Los pánicos morales sobre la capacidad de las historias ficticias para corromper mentes susceptibles han brotado y luego menguado durante siglos.
EL TEMOR A LA FICCIÓN brota y mengua, alcanzando su cima cada dos décadas, como una especie de cigarra histérica. La actual ola de prohibiciones de libros puede que sea la peor desde los años 80, pero ya hemos visto este tipo de cosas antes y las volveremos a ver.

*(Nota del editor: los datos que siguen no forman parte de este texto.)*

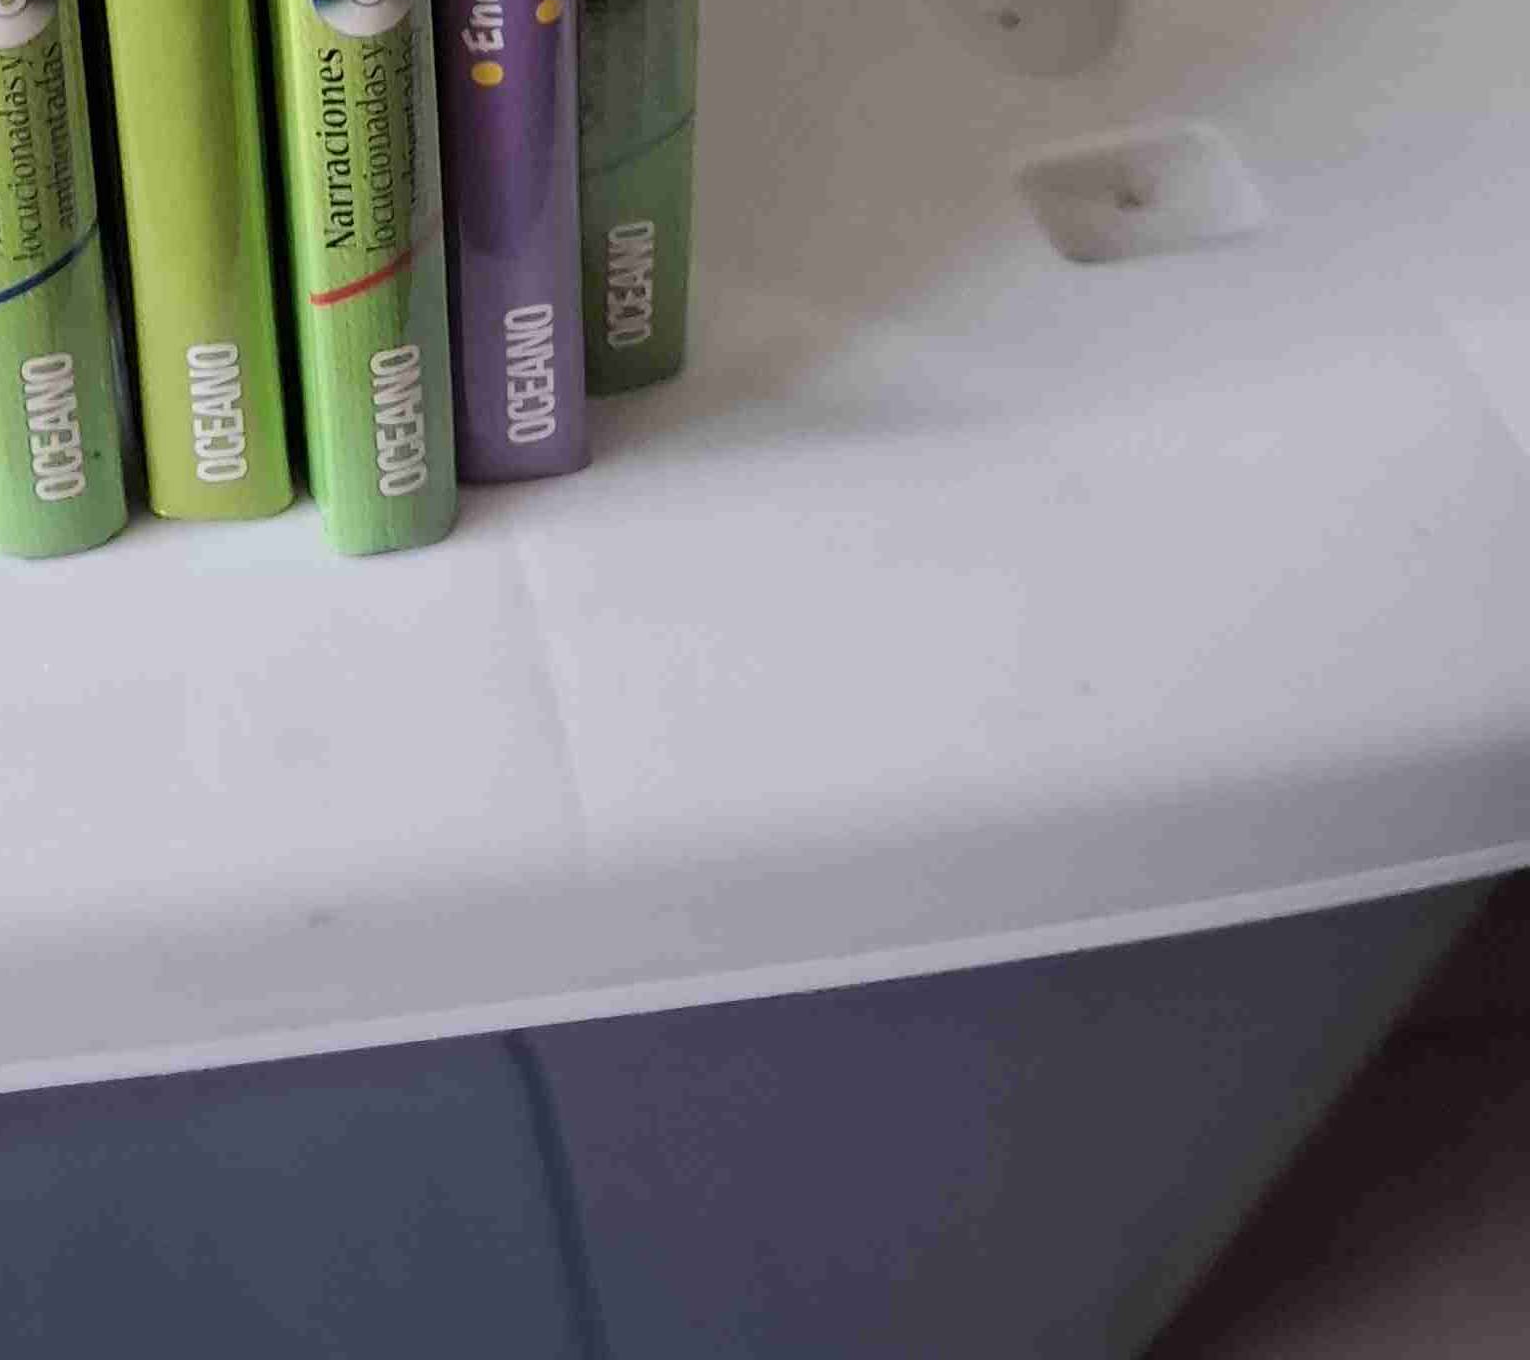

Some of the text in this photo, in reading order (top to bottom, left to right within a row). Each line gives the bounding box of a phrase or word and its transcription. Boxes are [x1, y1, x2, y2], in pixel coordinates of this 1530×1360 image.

[0, 54, 29, 73] y
[315, 48, 357, 251] Narraciones
[355, 43, 396, 254] locucionadas y
[607, 219, 655, 351] OCEANO
[21, 351, 86, 502] OCEANO
[186, 342, 248, 483] OCEANO
[370, 344, 426, 498] OCEANO
[504, 303, 556, 446] OCEANO
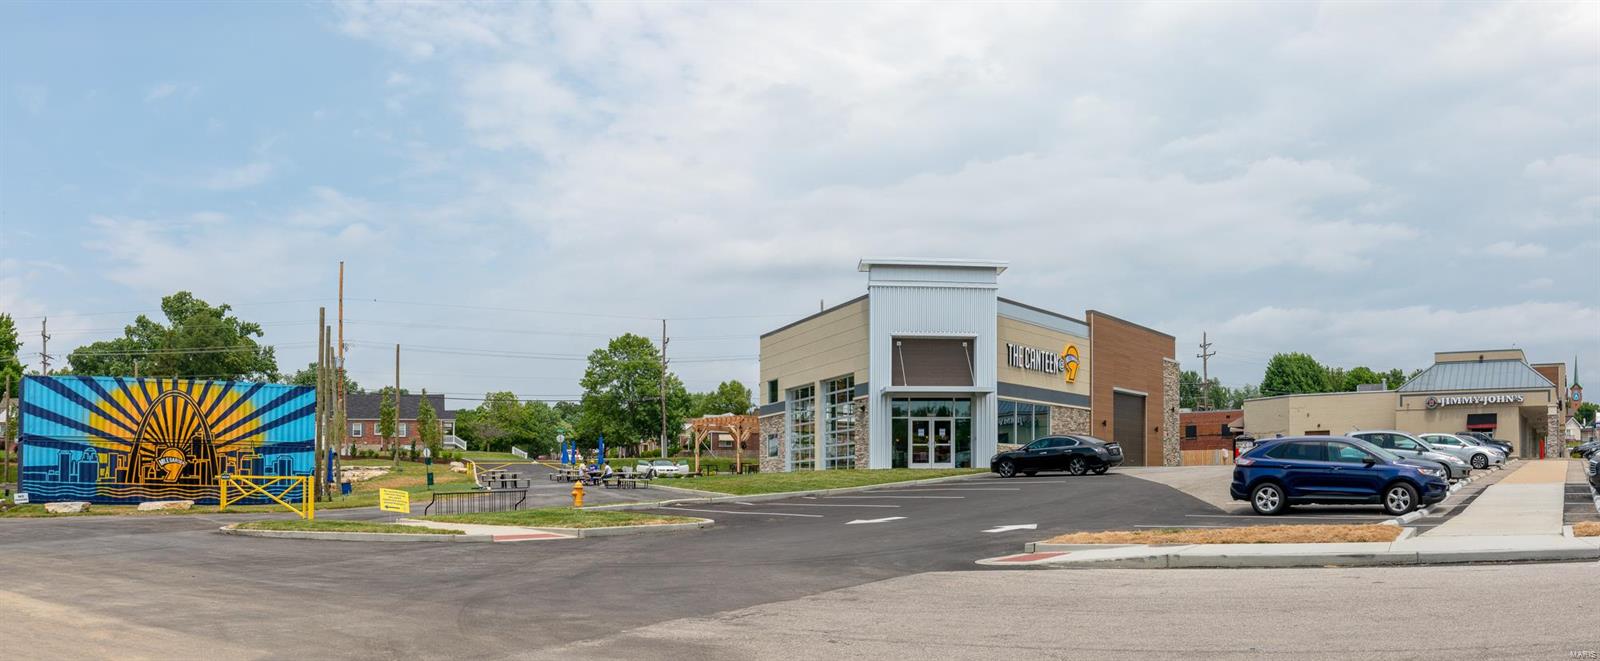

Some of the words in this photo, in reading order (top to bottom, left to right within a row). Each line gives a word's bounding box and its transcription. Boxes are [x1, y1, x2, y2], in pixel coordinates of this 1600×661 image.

[1007, 343, 1023, 368] THE
[1024, 347, 1058, 375] CANTEEN
[1440, 395, 1480, 407] JIMMY
[1482, 394, 1524, 406] JOHN'S
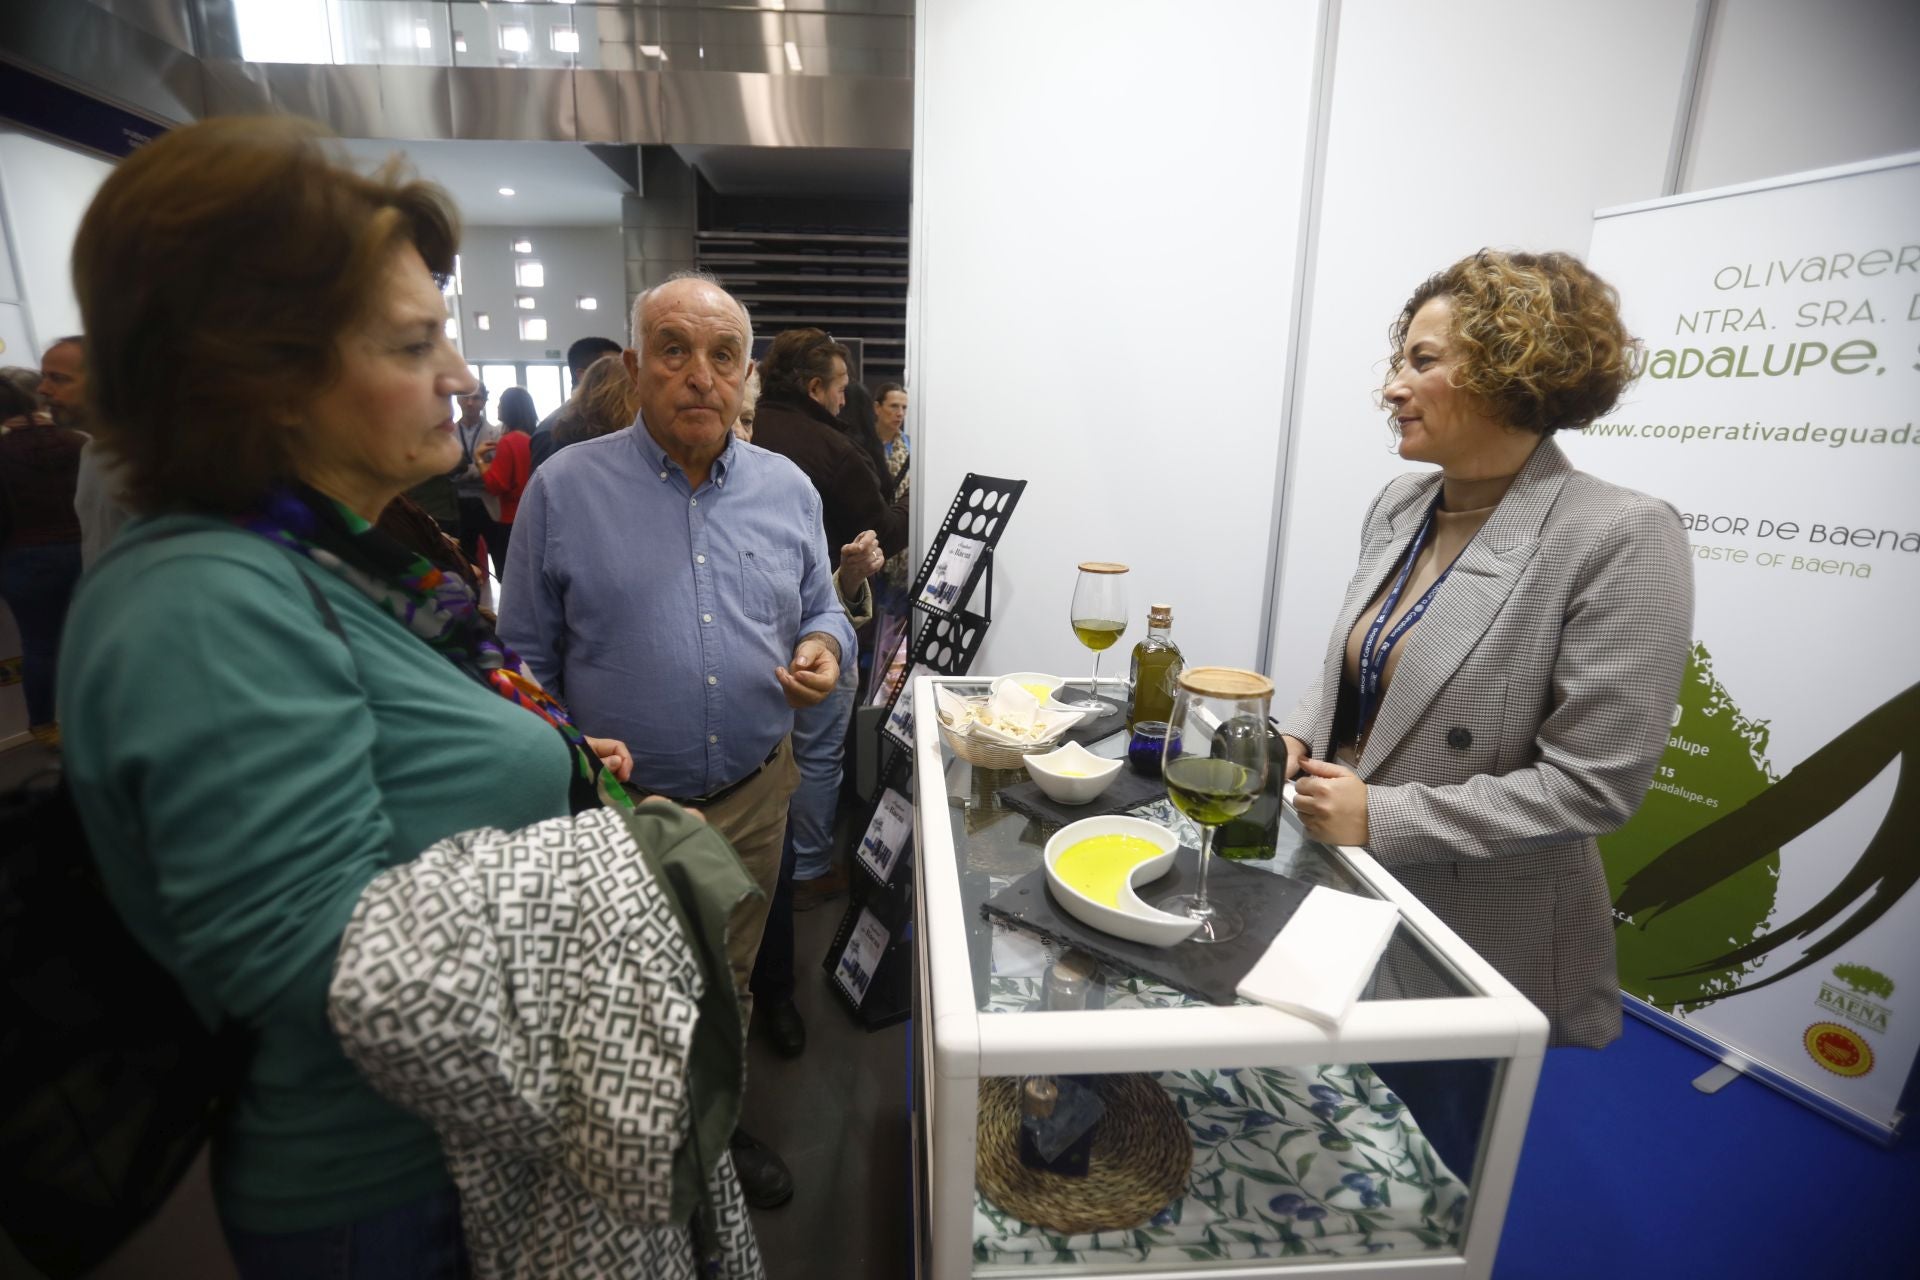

Las prohibiciones de los años 80 fueron impulsadas por conservadores religiosos, en consonancia con el “pánico satánico” en torno a los libros y juegos que incluían magia, como Calabozos y dragones (Dungeons & Dragons, en inglés). Antes de eso, en los años 50, la ansiedad se centró en las novelas de bolsillo y los cómics de mala calidad, que se decía que causaban “daño moral” y una “pérdida de ideales” en los jóvenes, que invariablemente los llevaría a una vida de delincuencia. En los años 20 y principios de los 30, los culpables fueron las películas sensuales de Hollywood y las novelas modernistas como “Ulises”, que —para que la gente no se involucrara demasiado en el sexo y el modernismo— dieron lugar al Código Hays y a más prohibiciones de libros.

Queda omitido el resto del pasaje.